→ What you are asked to do:
Each record, word for word and stripped of pictures, is what the answer should contain.

Data extracts: Begin

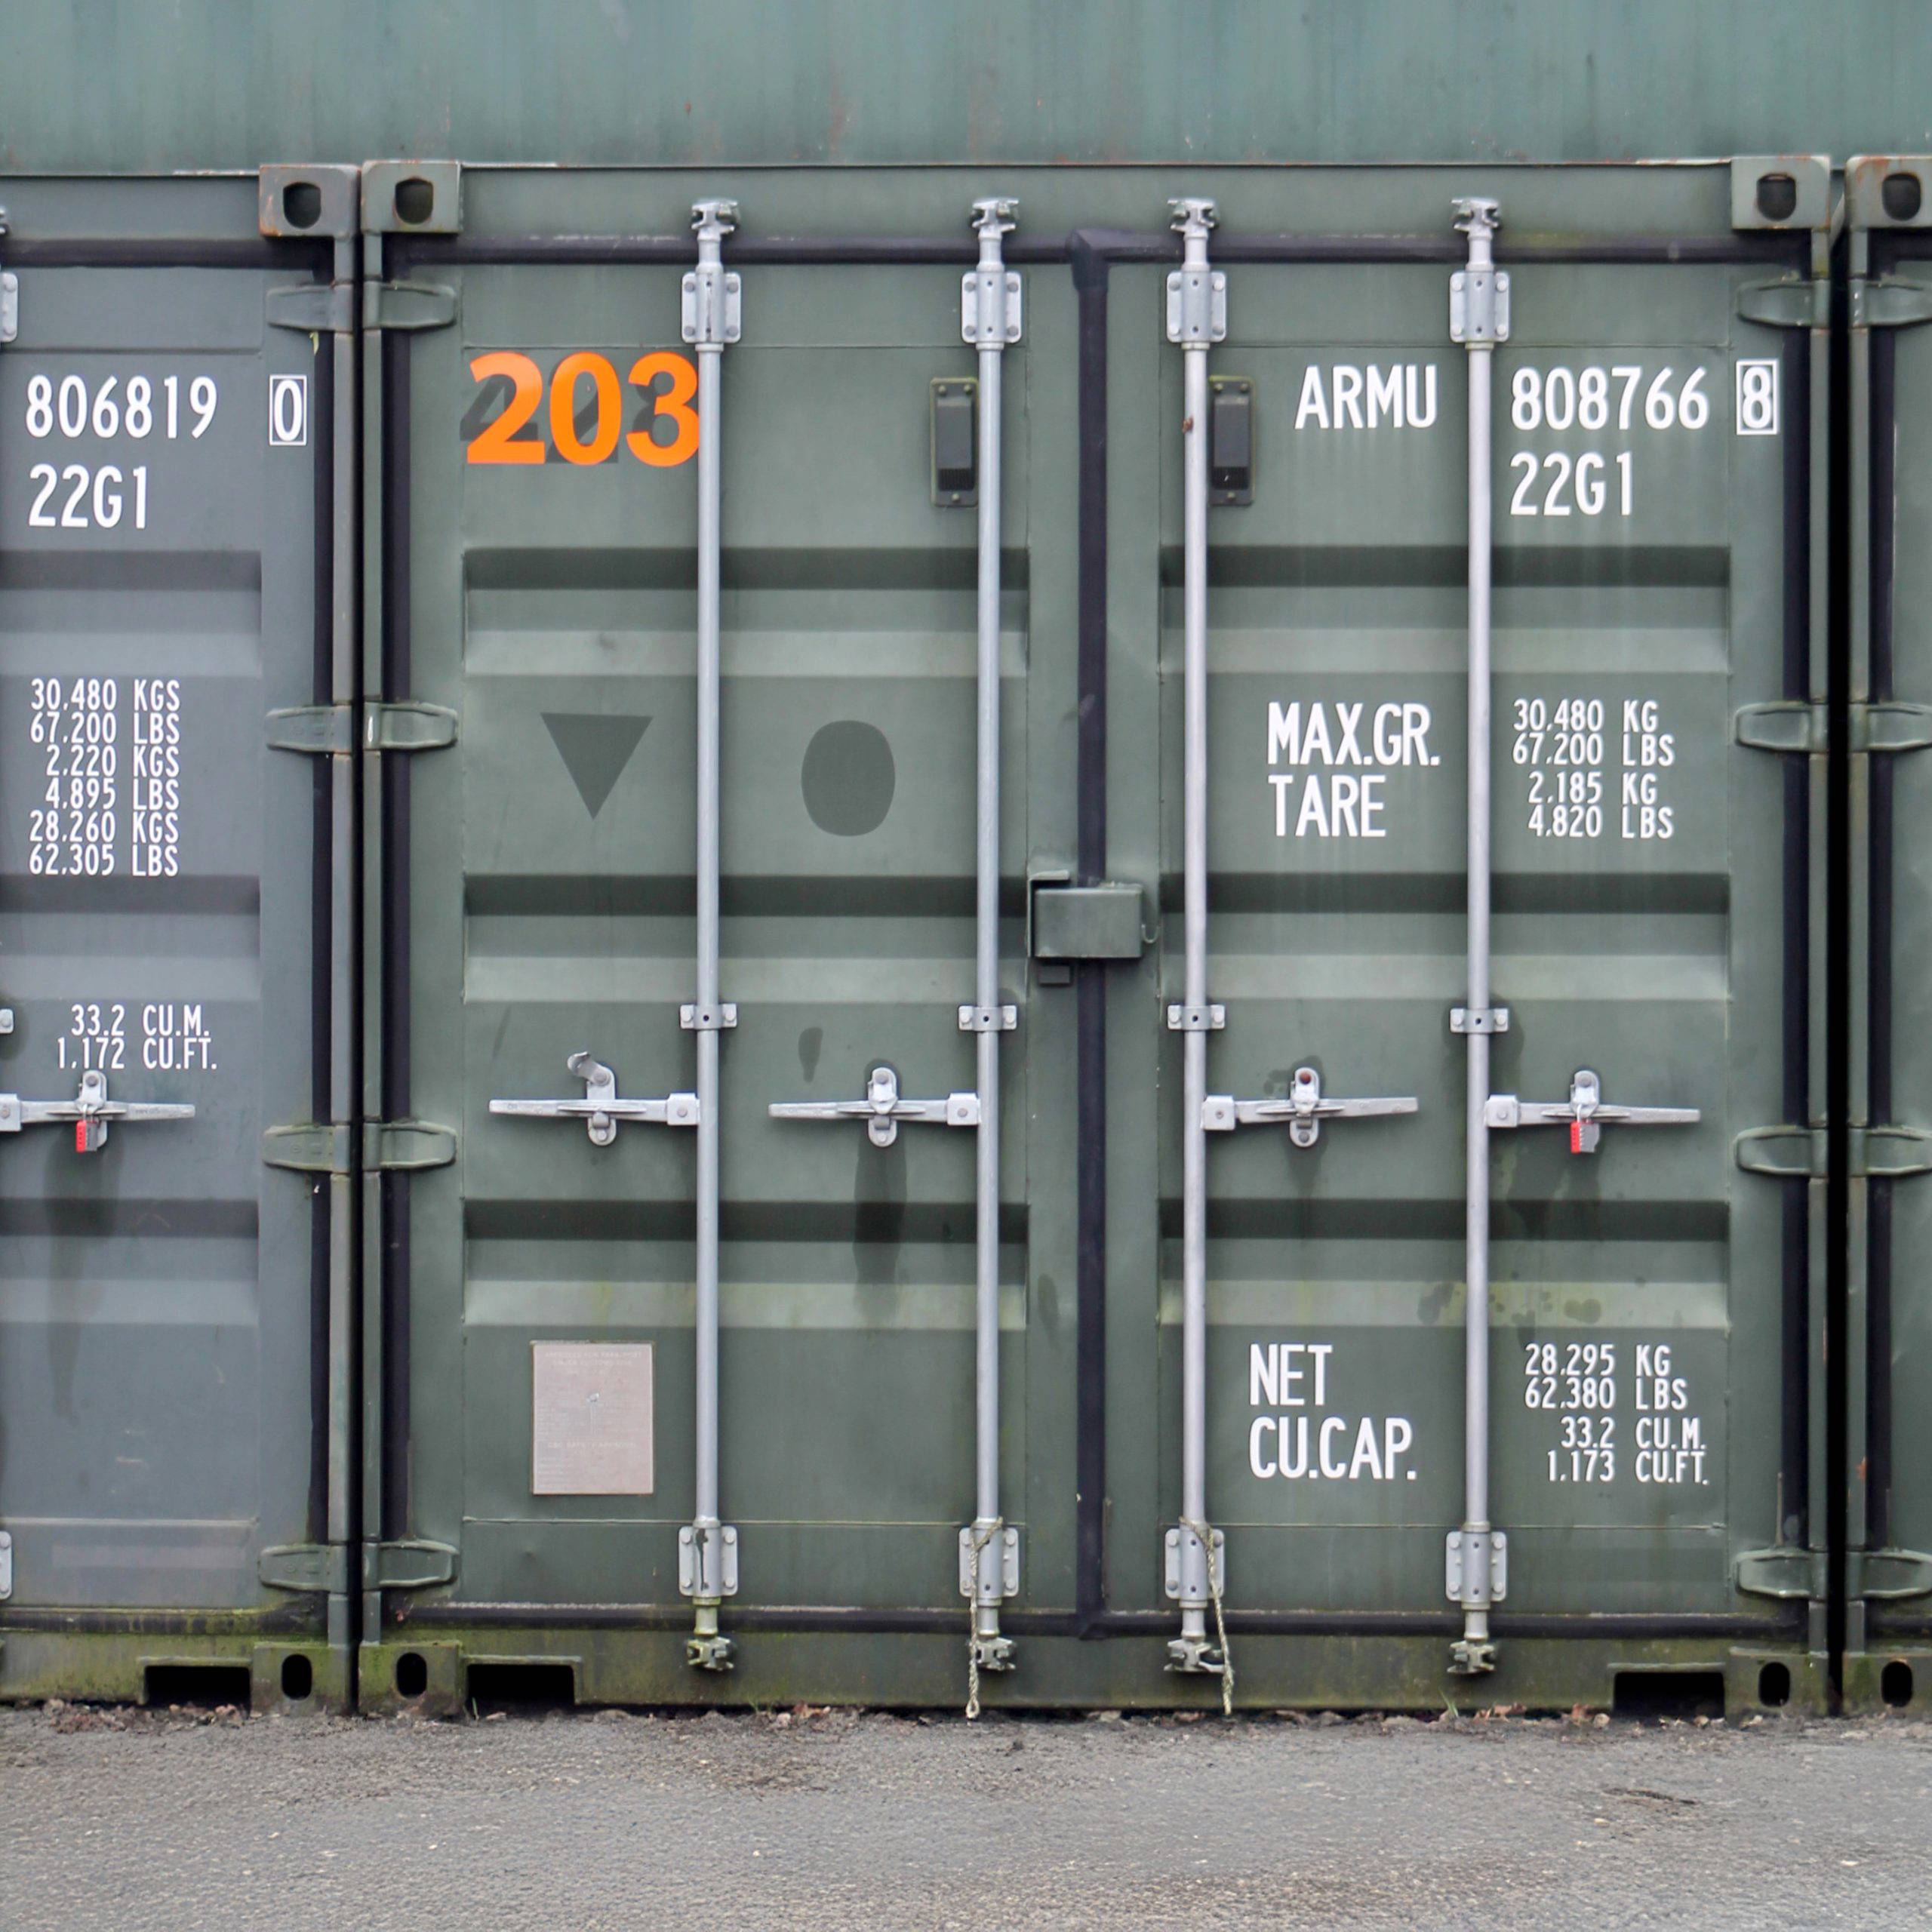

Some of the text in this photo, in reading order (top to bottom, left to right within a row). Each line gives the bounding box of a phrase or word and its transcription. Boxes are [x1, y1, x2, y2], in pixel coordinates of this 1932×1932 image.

[26, 374, 303, 442] 806819 0
[466, 351, 700, 467] 203
[1294, 364, 1773, 431] ARMU 808766 8
[28, 463, 147, 530] 22G1
[1510, 451, 1633, 516] 22G1
[134, 679, 180, 711] KGS
[134, 712, 180, 744] LBS
[1623, 700, 1659, 733] KG
[1267, 701, 1441, 767] MAX.GR.
[1623, 733, 1675, 767] LBS
[133, 746, 180, 777] KGS
[133, 778, 179, 811] LBS
[1622, 772, 1658, 805] KG
[1268, 774, 1387, 838] TARE
[1622, 806, 1675, 839] LBS
[132, 811, 179, 844] KGS
[131, 844, 178, 877] LBS
[71, 1004, 210, 1036] 33.2 CU.M.
[142, 1037, 217, 1069] CU.FT.
[1250, 1343, 1334, 1407] NET
[1635, 1344, 1672, 1377] KG
[1635, 1377, 1688, 1411] LBS
[1249, 1416, 1417, 1481] CU.CAP.
[1561, 1416, 1706, 1450] 33.2 CU.M.
[1635, 1451, 1709, 1485] CU.FT.

Data extracts: End

→ Task output:
Some of the text in this photo, in reading order (top to bottom, left to right within a row). Each line gives the bounding box of a phrase or word and its transcription. Boxes are [x1, y1, x2, y2], in pixel coordinates of this 1932×1932 image.

[26, 374, 303, 442] 806819 0
[466, 351, 700, 467] 203
[1294, 364, 1773, 431] ARMU 808766 8
[28, 463, 147, 530] 22G1
[1510, 451, 1633, 516] 22G1
[134, 679, 180, 711] KGS
[134, 712, 180, 744] LBS
[1623, 700, 1659, 733] KG
[1267, 701, 1441, 767] MAX.GR.
[1623, 733, 1675, 767] LBS
[133, 746, 180, 777] KGS
[133, 778, 179, 811] LBS
[1622, 772, 1658, 805] KG
[1268, 774, 1387, 838] TARE
[1622, 806, 1675, 839] LBS
[132, 811, 179, 844] KGS
[131, 844, 178, 877] LBS
[71, 1004, 210, 1036] 33.2 CU.M.
[142, 1037, 217, 1069] CU.FT.
[1250, 1343, 1334, 1407] NET
[1635, 1344, 1672, 1377] KG
[1635, 1377, 1688, 1411] LBS
[1249, 1416, 1417, 1481] CU.CAP.
[1561, 1416, 1706, 1450] 33.2 CU.M.
[1635, 1451, 1709, 1485] CU.FT.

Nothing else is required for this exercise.